Paper Pushers Papier Turn A Page On Their Branding

Posted inBranding & Identity Design

In response to a society that is more and more online with each passing day, it’s a comfort to know that there are stationery brands like London-based Papier that are not only surviving, but also thriving. 

After six years on the stationery scene, Papier recently sought a brand refresh to help maintain their momentum as a much-needed antidote to all things digital. They looked to their London neighbors at the branding agency Ragged Edge to take on the project, intent on leveling up and propelling the brand forward.

“We wanted an approach that would challenge us and push us to be brave,” says Taymoor Atighetchi, CEO & Founder of Papier. “That’s the Ragged Edge ethos, and that’s what they’ve delivered. This rebrand really sets Papier apart from the pack.”

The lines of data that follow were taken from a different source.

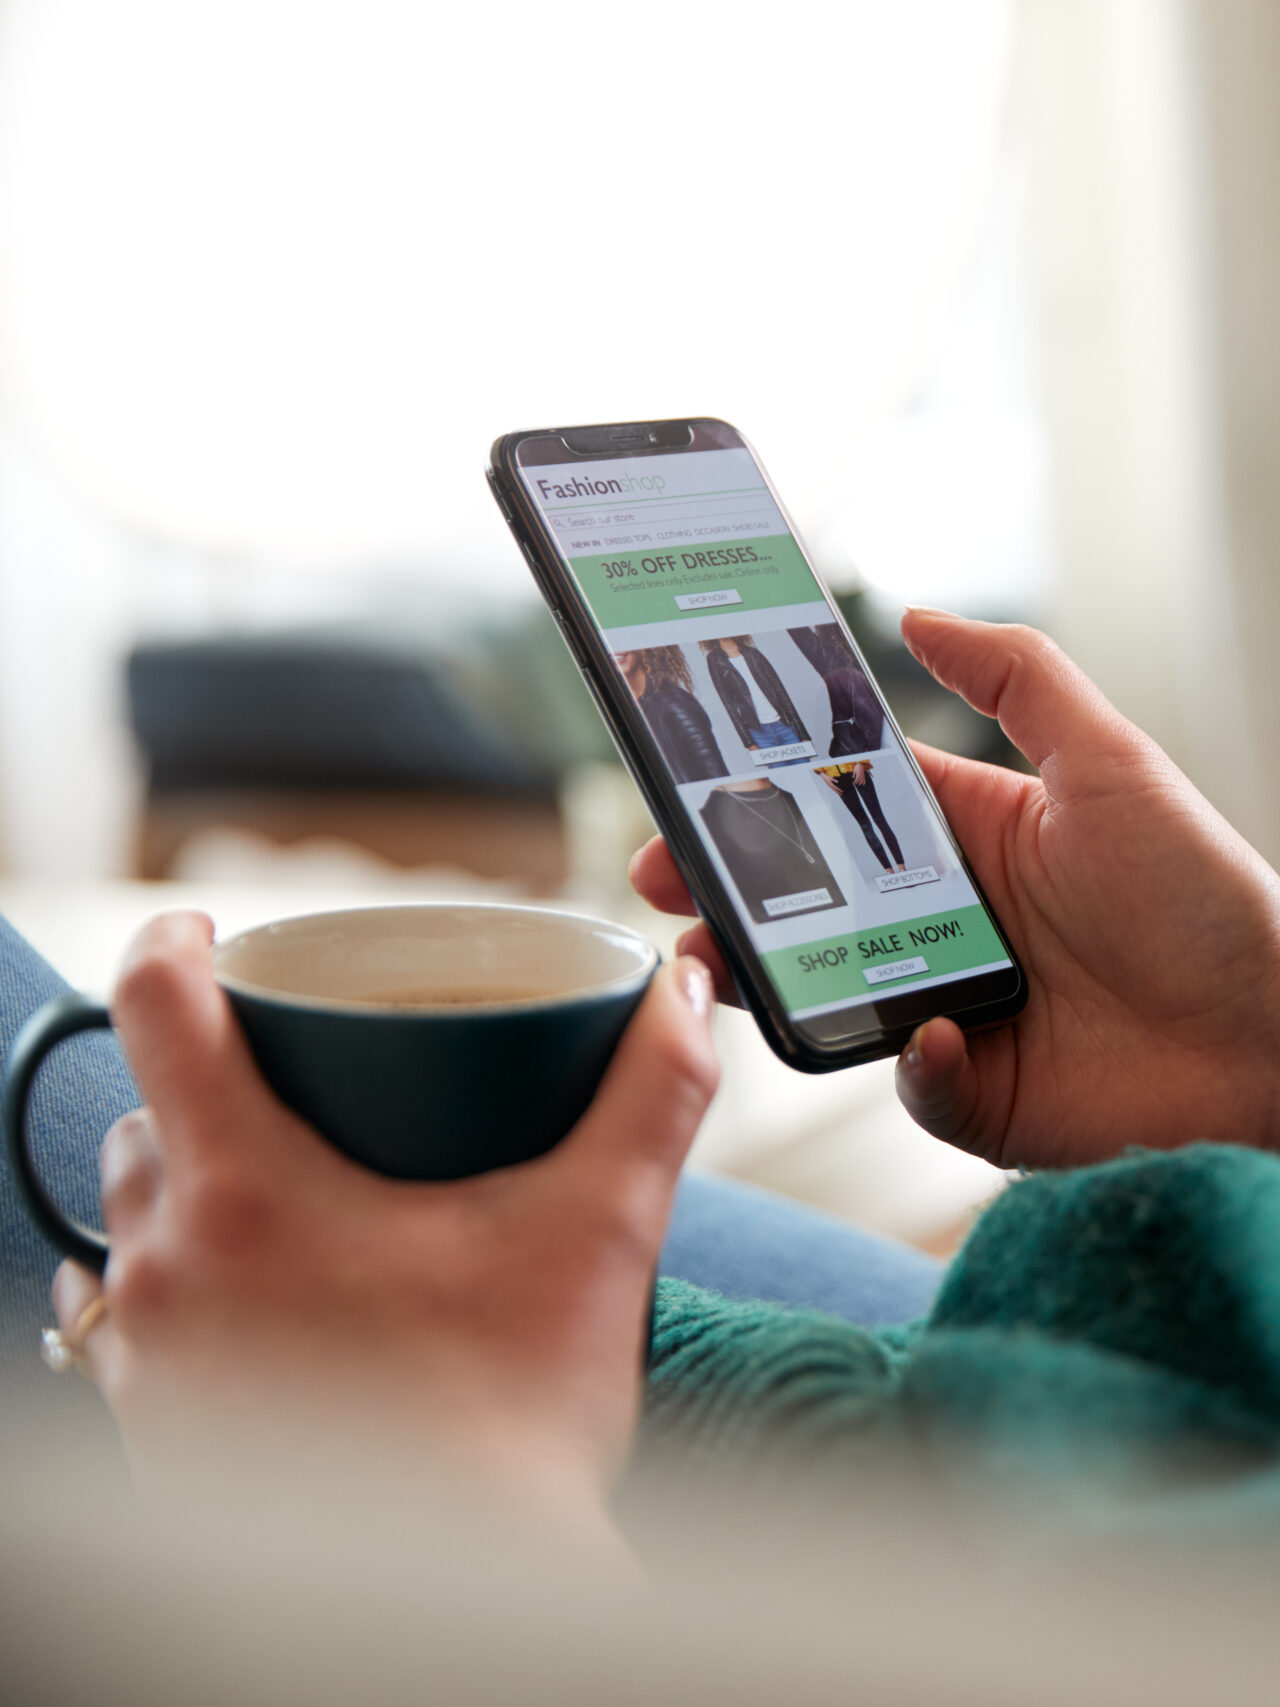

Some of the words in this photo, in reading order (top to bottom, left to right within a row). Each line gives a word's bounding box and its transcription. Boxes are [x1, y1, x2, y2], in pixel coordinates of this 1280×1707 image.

[536, 472, 666, 500] Fashionshop
[567, 515, 597, 527] Search
[598, 515, 612, 524] our
[613, 513, 635, 523] store
[571, 539, 590, 549] NEW
[591, 539, 601, 547] IN
[604, 535, 634, 546] DRESSES
[635, 533, 652, 542] TOPS
[656, 529, 692, 540] CLOTHING
[694, 526, 730, 536] OCCASION
[601, 559, 638, 579] 30%
[641, 555, 677, 574] OFF
[681, 546, 773, 570] DRESSES...
[609, 580, 645, 592] Selected
[646, 578, 664, 589] lines
[682, 572, 716, 584] Excludes
[734, 567, 761, 578] Online
[688, 595, 709, 605] SHOP
[709, 593, 728, 603] NOW
[760, 751, 779, 760] SHOP
[779, 745, 807, 758] JACKETS
[881, 877, 901, 887] SHOP
[901, 870, 933, 883] BOTTOMS
[767, 900, 788, 912] SHOP
[787, 893, 829, 907] ACCESSORIES
[797, 946, 848, 973] SHOP
[857, 934, 904, 959] SALE
[908, 920, 964, 948] NOW!
[875, 965, 898, 978] SHOP
[898, 961, 915, 973] NOW

Ragged Edge saw the task at hand as a moment to reframe stationery altogether. “To get people thinking differently about stationery, we set out to redefine a category that solely focuses on aesthetics,” they explain on their site. “While the category sells objects that merely sit pretty, Papier invites people to consider the transformative power of stationery and to discover the possibilities of a blank page.”  

The cornerstone of the resulting rebrand is a distinctive typeface and jazzy logo. The primary type is Self Modern by Bretagne Type Foundry, which is at once playful and bookish, spirited, and sophisticated. “It has a lovely mix of elegance and a sense of wonder,” explains Max Ottignon, co-founder of Ragged Edge. “We wanted something that felt noticeably distinct without feeling gimmicky. A tricky balance that Self Modern nails. Body copy is set in Quarion by René Bieder, which provides a nice compliment.”

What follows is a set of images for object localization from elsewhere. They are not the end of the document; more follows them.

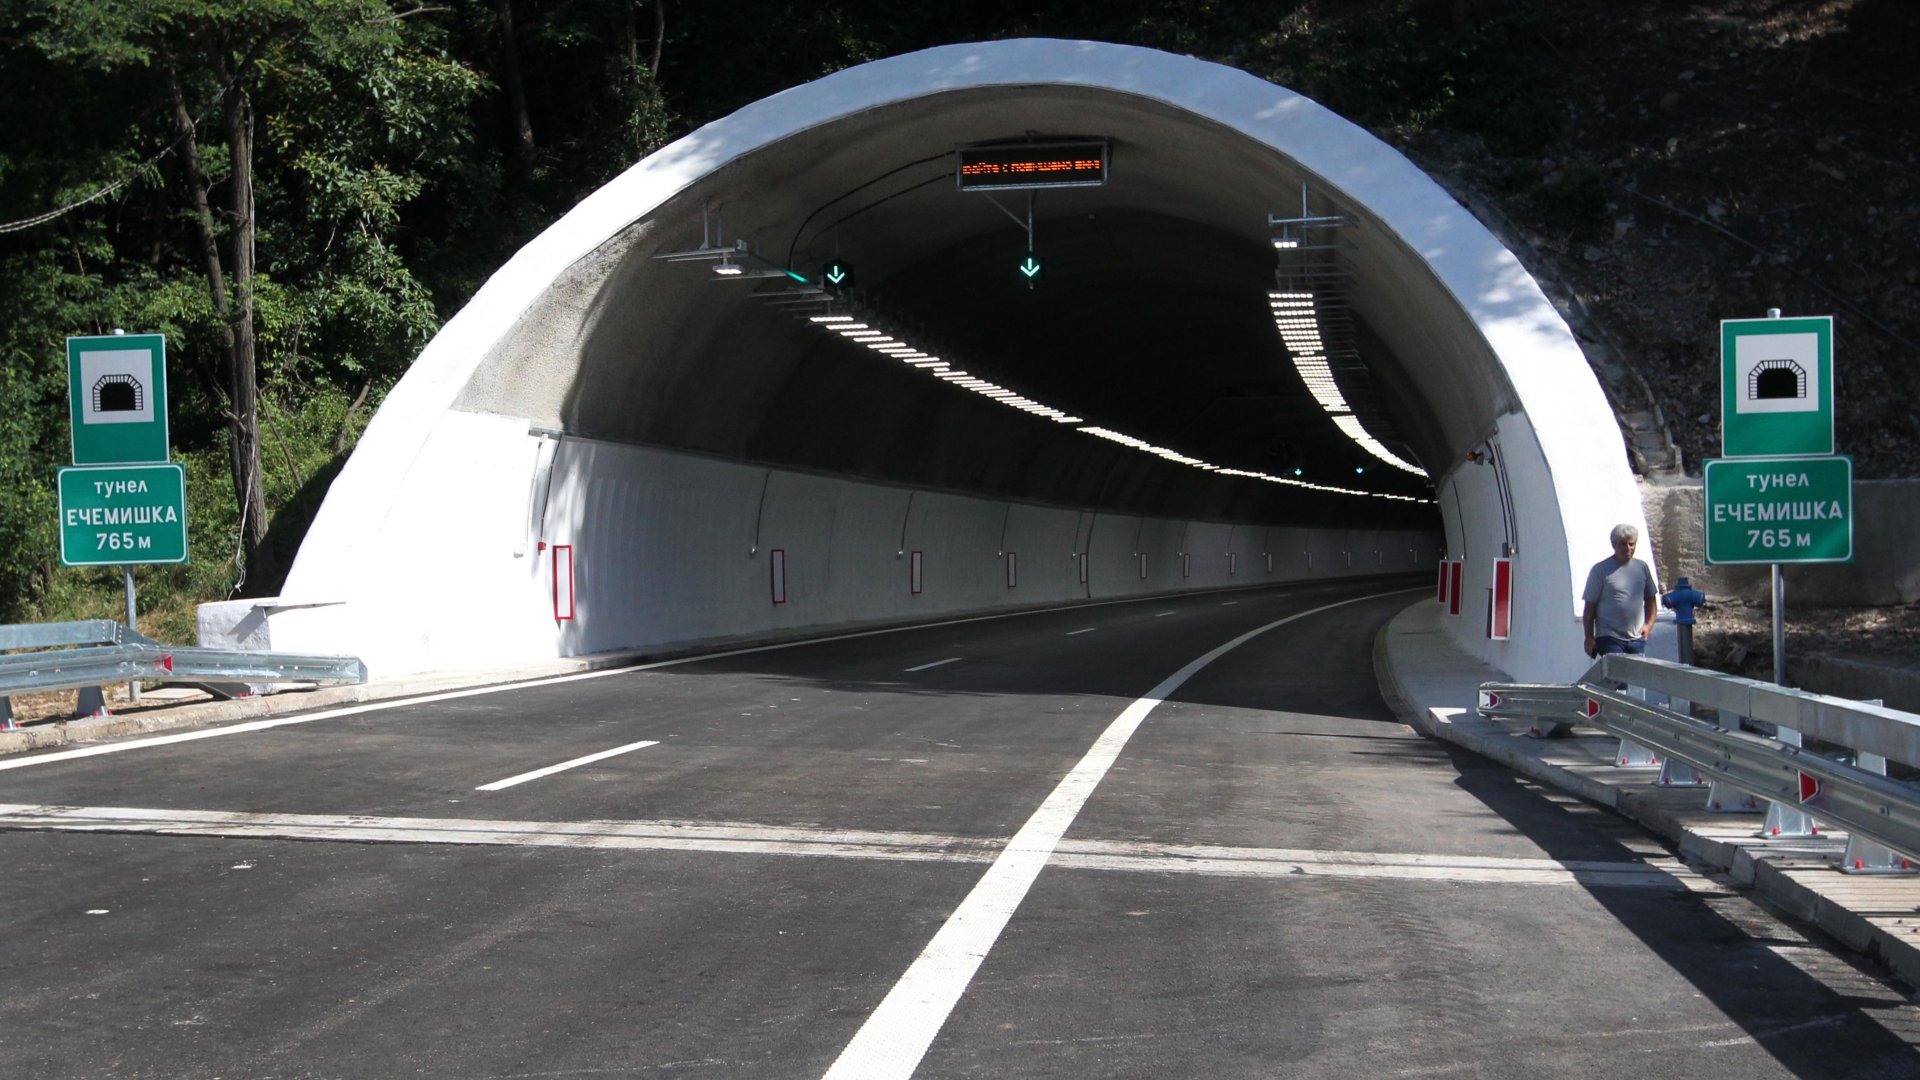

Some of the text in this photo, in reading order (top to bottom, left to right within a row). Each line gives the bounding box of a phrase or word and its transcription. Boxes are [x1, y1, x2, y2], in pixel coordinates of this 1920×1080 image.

[94, 480, 148, 498] тунел
[1746, 473, 1809, 492] тунел
[67, 506, 177, 526] ЕЧЕМИШКА
[1714, 501, 1843, 522] ЕЧЕМИШКА
[96, 532, 151, 550] 765 м
[1747, 529, 1811, 548] 765 м

The logo, now the heart of the identity, also aligns with this vibe, depicting a side view of an open book with squiggly lines as rippling pages. “Inspired by printer’s marks, it represents the magic inside the pages of Papier—pages of possibility,” explains Ottignon. “The logotype embraces those cues and is designed with distinctiveness in mind. The aim was to keep it as far away from a traditional tech startup as possible.”

Papier’s new color palette is as soothing as a crisp blank notebook page, and that’s not by chance. “The primary colors are neutral, referencing paper and ink—an off-white and a soft black respectively,” Ottignon says. “And we chose a secondary palette to add a hint of color to backgrounds, without ever competing with the vibrancy of the product colors. One of the big challenges with the color palette was that it had to work with the huge variety of colors in the products themselves.”

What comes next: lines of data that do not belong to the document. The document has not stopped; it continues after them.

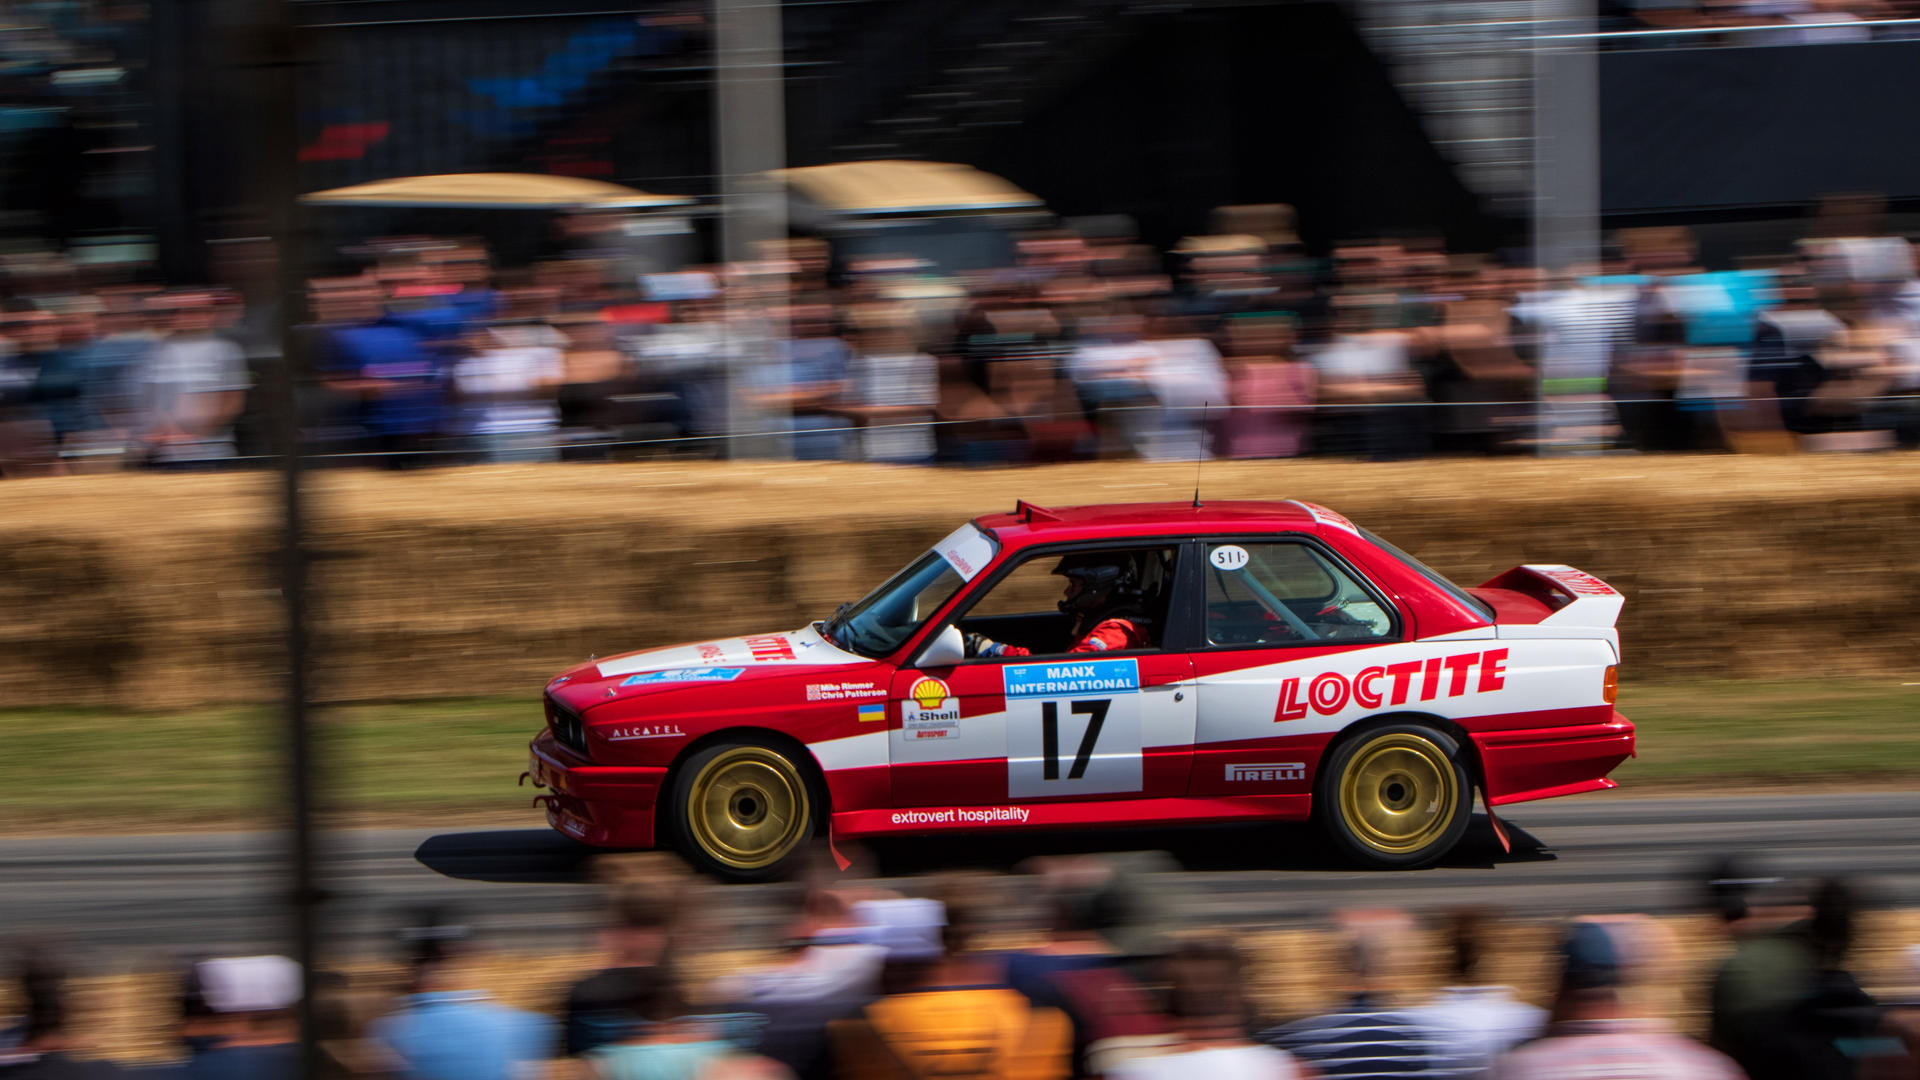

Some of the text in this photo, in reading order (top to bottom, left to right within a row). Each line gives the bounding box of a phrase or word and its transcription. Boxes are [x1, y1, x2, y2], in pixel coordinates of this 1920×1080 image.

[1217, 551, 1242, 564] 511
[1046, 665, 1096, 679] MANX
[1010, 678, 1135, 694] INTERNATIONAL
[1273, 648, 1509, 723] LOCTITE
[821, 689, 888, 700] Chris Patterson
[919, 711, 958, 721] Shell
[613, 725, 681, 737] ALCATEL
[1042, 699, 1112, 780] 17
[1225, 763, 1306, 781] PIRELLI
[891, 807, 1030, 824] extrovert hospitality

There’s an exuberance to Papier’s new design elements that feels fresh and inviting. Meanwhile, it still retains a polish and class you’d expect from a brand that peddles luxurious writing paraphernalia. Ragged Edge enlisted the expertise of photographer Charlie Mckay and illustrator Ciao Chiara for additional support in executing the project.

“We saw the possibility of an emporium full of wonder,” says Max Ottignon, the co-founder of Ragged Edge. “And just as an emporium does, this brand has to invite people in, to dig deeper, not knowing what you might discover. It appeals to and even provokes the senses, just like stationery itself.”

Papier’s new look and feel have been informed by customer research which showed that the modern pen and paper shopper seeks out stationery goods that “invite us to express, realize, and transform who we are.” Papier and Ragged Edge ran with those findings.

“This rebrand is all about that transformative power of stationery—there really is magic under the cover of a notebook,” states the Ragged Edge press release.

Anyone else getting the sudden urge to write some handwritten letters?